■ ACTION ITEM
Write out each record exactly and skip every image.
*** Opening of DATA UNDER STUDY ***
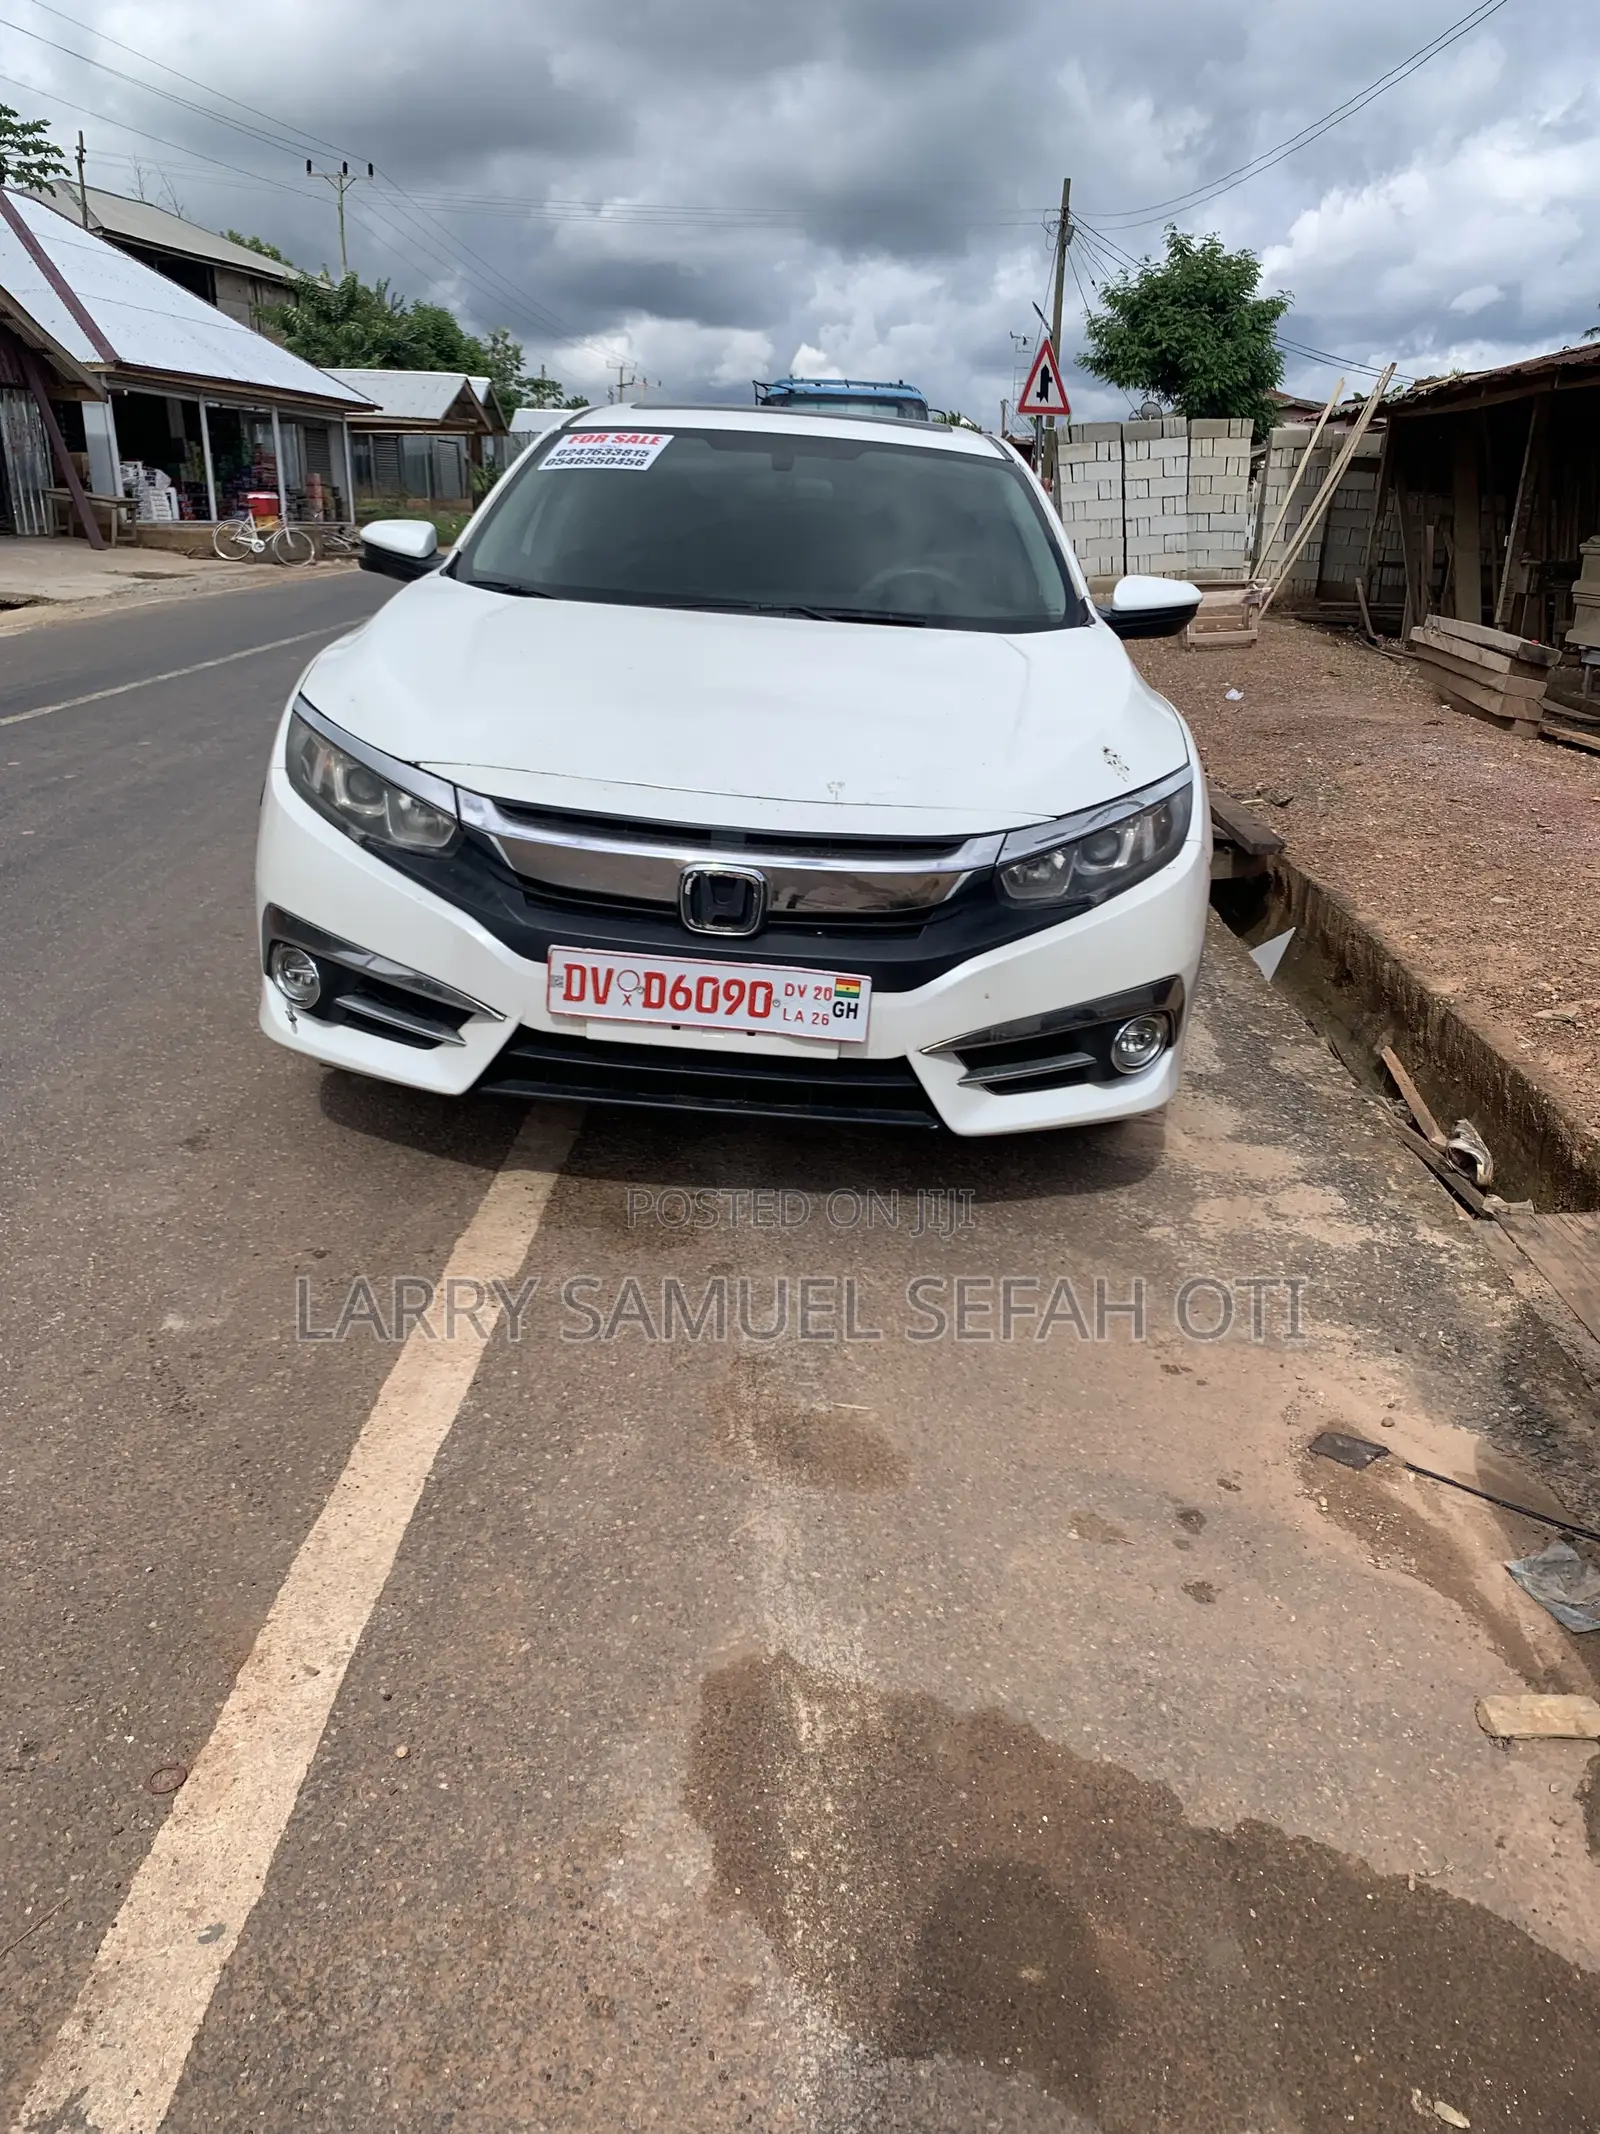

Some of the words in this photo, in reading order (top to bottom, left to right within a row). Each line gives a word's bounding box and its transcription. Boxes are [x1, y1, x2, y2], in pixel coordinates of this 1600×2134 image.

[568, 434, 608, 445] FOR
[611, 434, 664, 446] SALE
[544, 457, 647, 467] 0546550456
[563, 963, 614, 1005] DV
[642, 971, 773, 1019] D6090
[784, 982, 808, 998] DV
[813, 985, 833, 1002] 20
[783, 1007, 804, 1024] LA
[811, 1012, 829, 1026] 26
[832, 1000, 859, 1020] GH
*** Close of DATA UNDER STUDY ***
■ ANSWER TO THIS EXERCISE
Some of the words in this photo, in reading order (top to bottom, left to right within a row). Each line gives a word's bounding box and its transcription. Boxes are [x1, y1, x2, y2], in pixel coordinates of this 1600×2134 image.

[568, 434, 608, 445] FOR
[611, 434, 664, 446] SALE
[544, 457, 647, 467] 0546550456
[563, 963, 614, 1005] DV
[642, 971, 773, 1019] D6090
[784, 982, 808, 998] DV
[813, 985, 833, 1002] 20
[783, 1007, 804, 1024] LA
[811, 1012, 829, 1026] 26
[832, 1000, 859, 1020] GH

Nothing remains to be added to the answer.